Produced by Historica Canada, Heritage Minutes are 60-second shorts that tell the stories of pivotal people and events in Canadian history.

The latest video, which launched Tuesday to mark Remembrance Day, spotlights the cultural contributions of Hamilton, a Canadian painter who captured powerful imagery from the aftermath of the First World War.

“In some ways, she is the first woman war correspondent, even though she wasn’t there when shots were being fired,” said Anthony Wilson-Smith, Historica Canada’s president and CEO.

The Teeswater, Ont.-born Hamilton was first denied a job as a commissioned war artist due to her gender, but independently travelled to Western European battlefields shortly after the war’s end.

There she created more than 350 paintings that documented the devastation of war, and while doing so, she braved unexploded mines, disease and other hazards.

“Very few people at that point were painting as graphically as she did about the horrors of war. There was still a bit of a notion before the soldiers came home that war was this grand operation, that everything was great about it, and the victors told the stories,” said Wilson-Smith. “She really showed you the despair, the suffering, the implied dangers of it all. So (she's) very relevant today and a great Canadian who deserves to be remembered.”

Megan Follows, the star of the CBC’s 1980s “Anne of Green Gables” series, plays Hamilton in the Heritage Minute, with narration by journalist Lyse Doucet.

Historians say Hamilton declined many offers to sell her paintings, choosing instead to donate some to war veterans and about 227 of them to the National Archives.

The artist died in poverty and relative obscurity at a mental hospital in Coquitlam, B.C., in 1954.

Though she’s been overlooked for decades, Hamilton has been having a “renaissance” over the last five years, Wilson-Smith said. Her work was featured on a Canada Post stamp in 2018 and some of her pieces are currently on display at the Canadian War Museum as part of a special exhibition on women artists and war.

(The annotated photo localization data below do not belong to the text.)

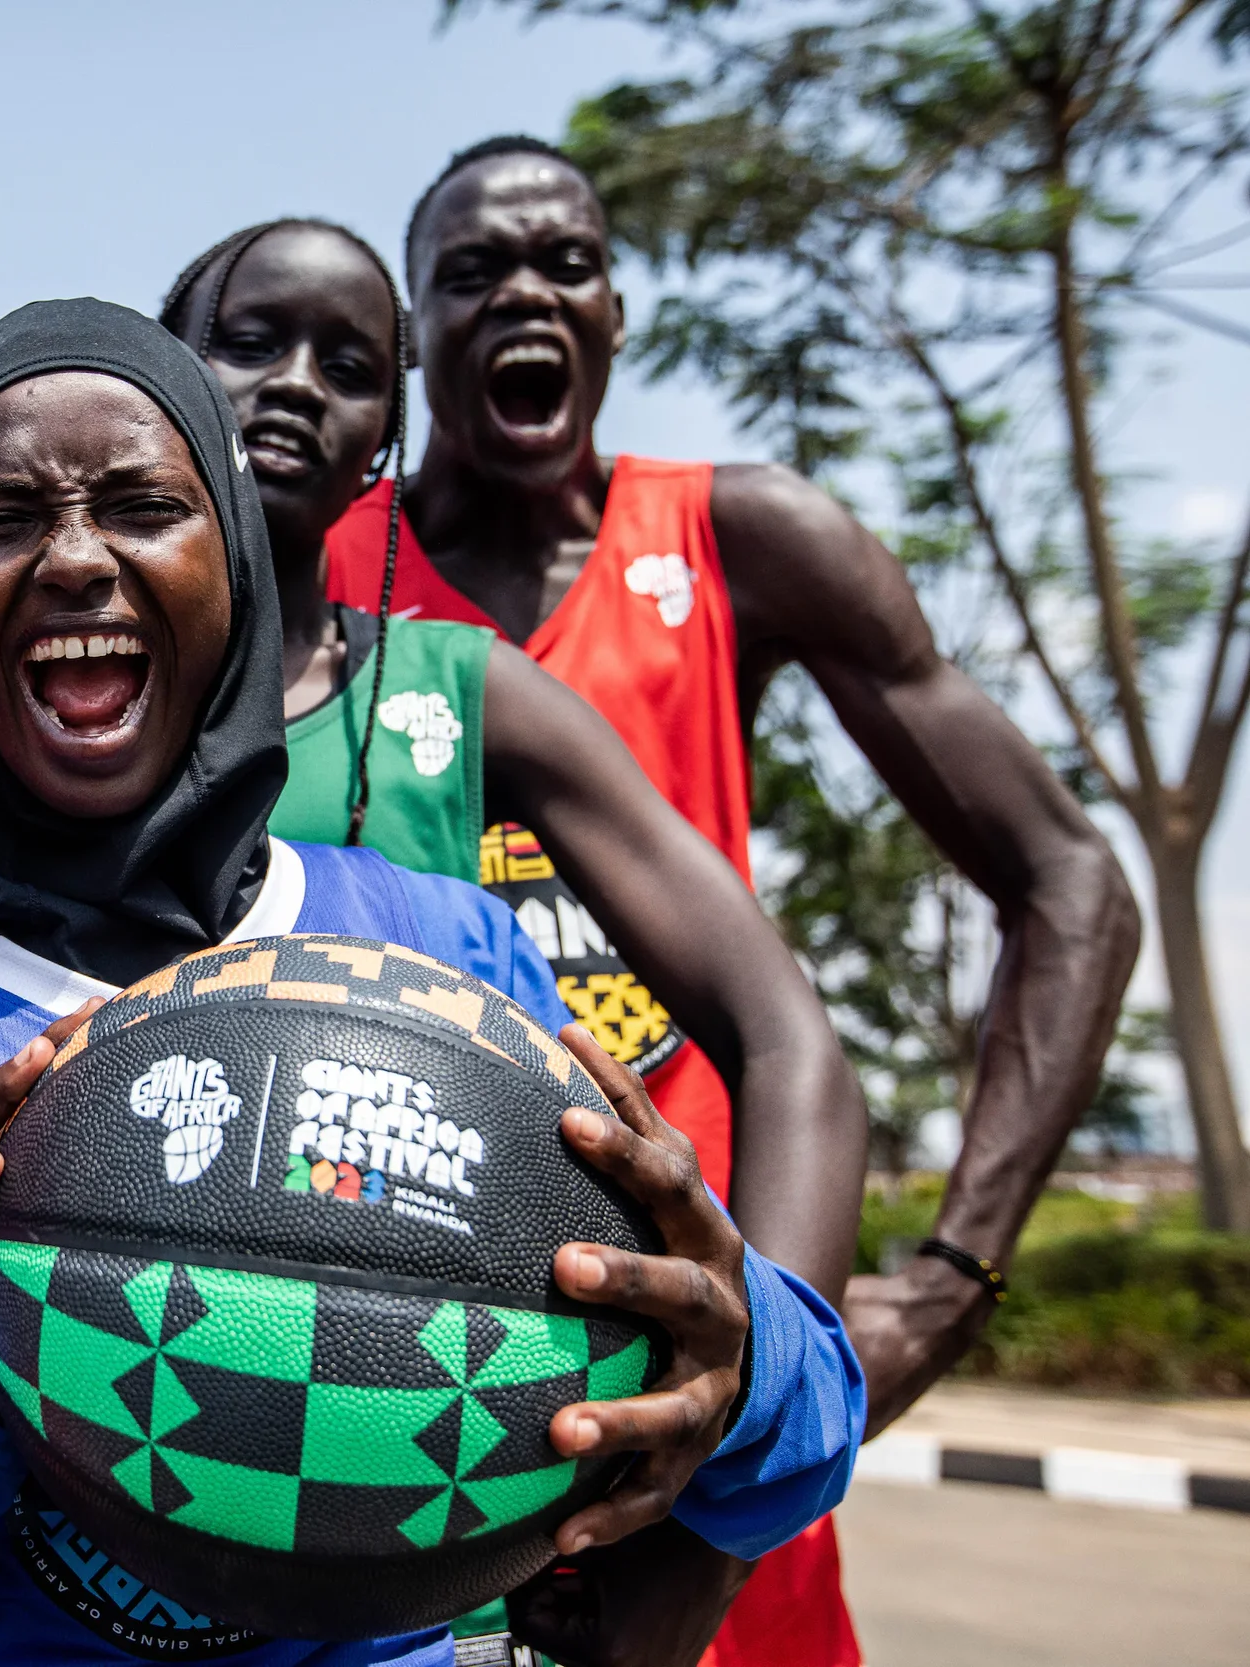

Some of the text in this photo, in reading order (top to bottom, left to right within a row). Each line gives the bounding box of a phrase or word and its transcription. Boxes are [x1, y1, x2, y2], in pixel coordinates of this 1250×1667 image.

[130, 1054, 230, 1105] GIANTS
[301, 1058, 436, 1112] GIANTS
[131, 1093, 244, 1132] OF AFRICA
[296, 1089, 485, 1165] OF AFRICA
[284, 1153, 387, 1205] 2023
[288, 1120, 475, 1198] FESTIVAL
[392, 1199, 474, 1236] RWANDA
[394, 1185, 456, 1215] KIGALI
[20, 1525, 69, 1592] AFRICA
[76, 1601, 101, 1619] OF
[112, 1622, 189, 1650] GIANTS
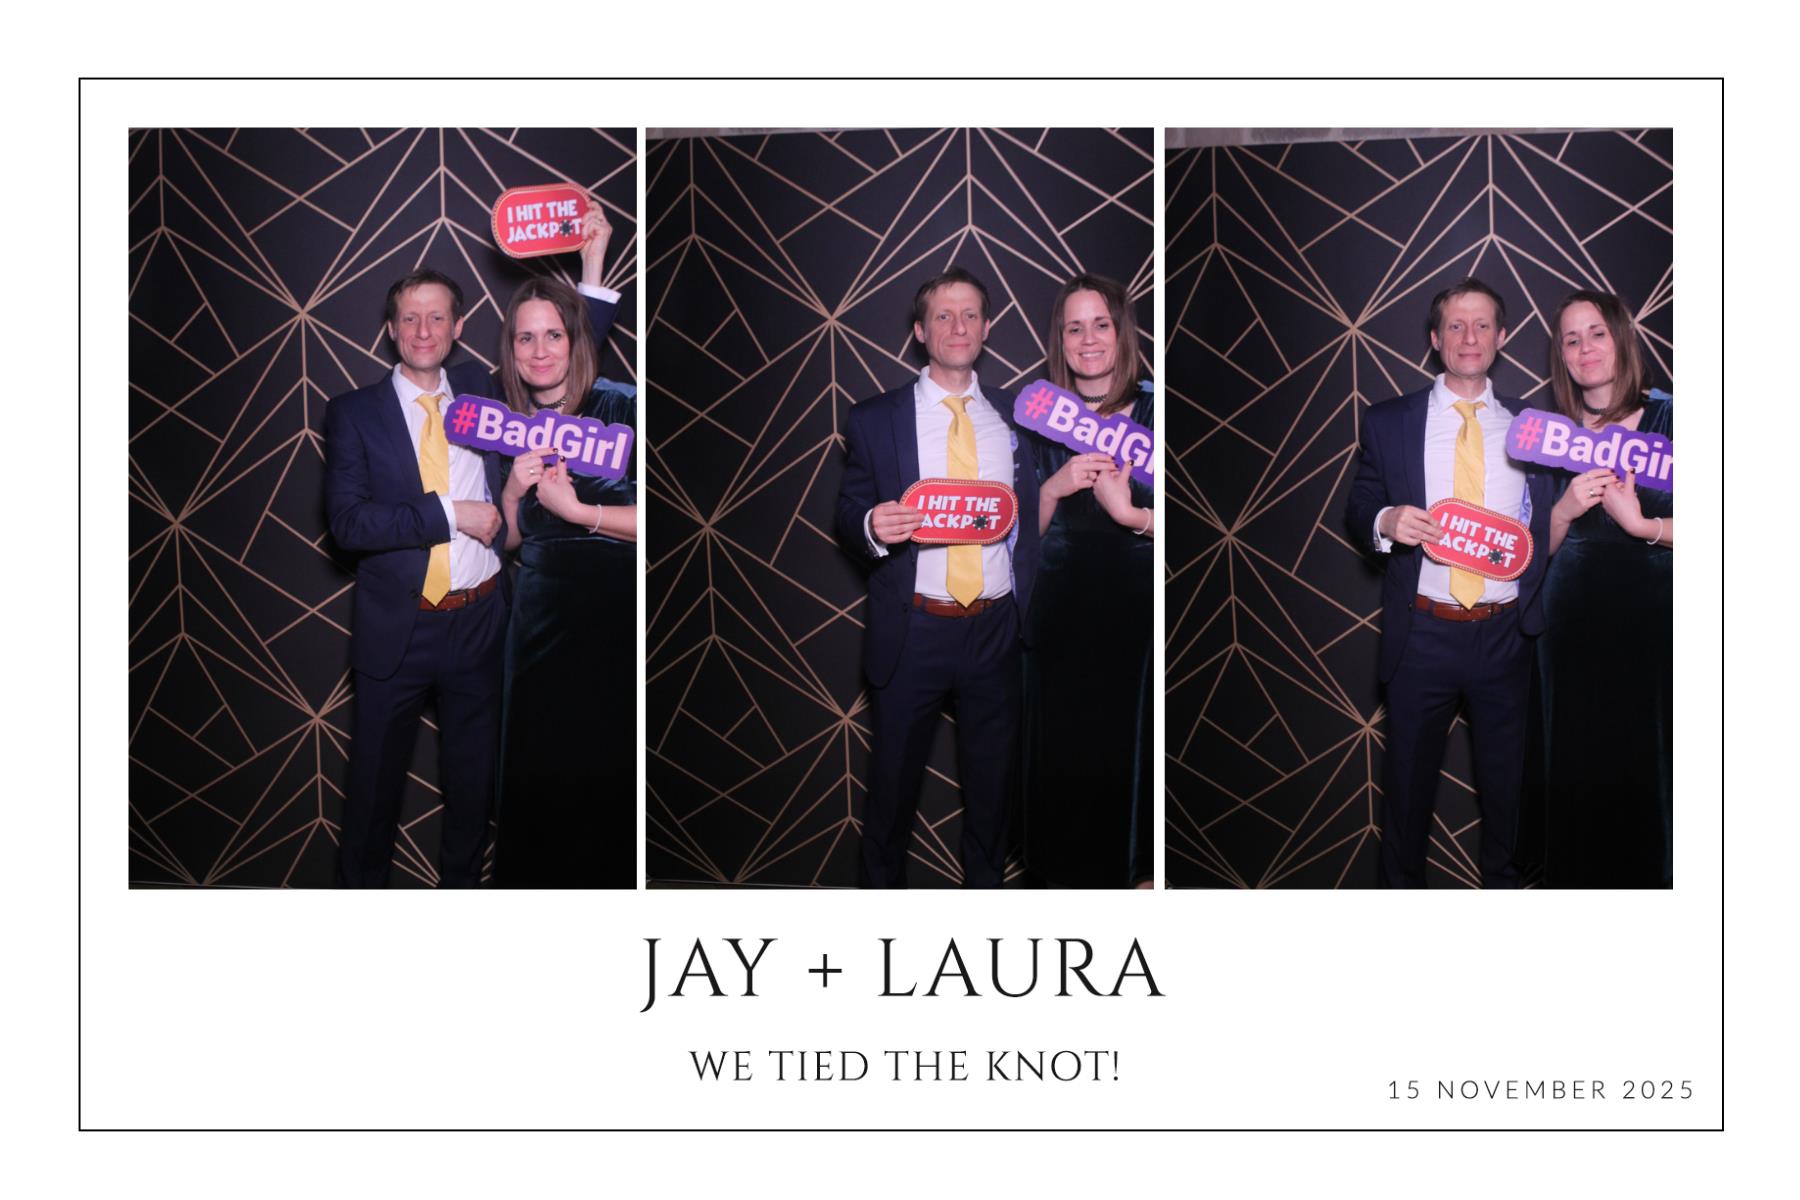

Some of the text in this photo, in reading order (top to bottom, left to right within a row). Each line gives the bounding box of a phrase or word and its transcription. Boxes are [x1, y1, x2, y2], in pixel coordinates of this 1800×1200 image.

“The world is in a very dark and uncertain place,” Wilson-Smith said, referencing a myriad of issues from inflation to the conflicts in the Middle East and in Russia and Ukraine.

“(Hamilton’s work) looks back at a period where we were coming out of a really uncertain time and came out in a good and ultimately uplifting way. So it reminds us, even though her pictures can be very dark, that things can get better as well.”

Heritage Minutes debuted in 1991 and aired frequently during television commercial breaks, in part because regulators counted them as 90 seconds of Canadian content, Wilson-Smith said.

Dramatizing topics that range from basketball inventor Dr. James Naismith to the Underground Railroad, these segments are a memorable part of the TV-viewing experience for millennials and older generations.

But Wilson-Smith said Heritage Minutes continue to reach new audiences, with the 18-25-year-old demographic representing the largest group of viewers over the last few years.

He attributed this trend partly to Gen Z’s online presence, as well as the way the short format of the clips aligns with their viewing preferences.

“Brevity is a big strength. Attention spans are much shorter these days than they used to be in the pre-Internet era, so 60 seconds is an ideal thing,” he said.

Wilson-Smith said Heritage Minutes are shared on every major social media platform, with some paid promotion. He noted they’ve especially found success on TikTok, where Historica Canada’s account currently has 171,000 followers.

While Heritage Minutes continue to play on TV “about 68,000-70,000” times a year, he said, digital is now “the big play for us.”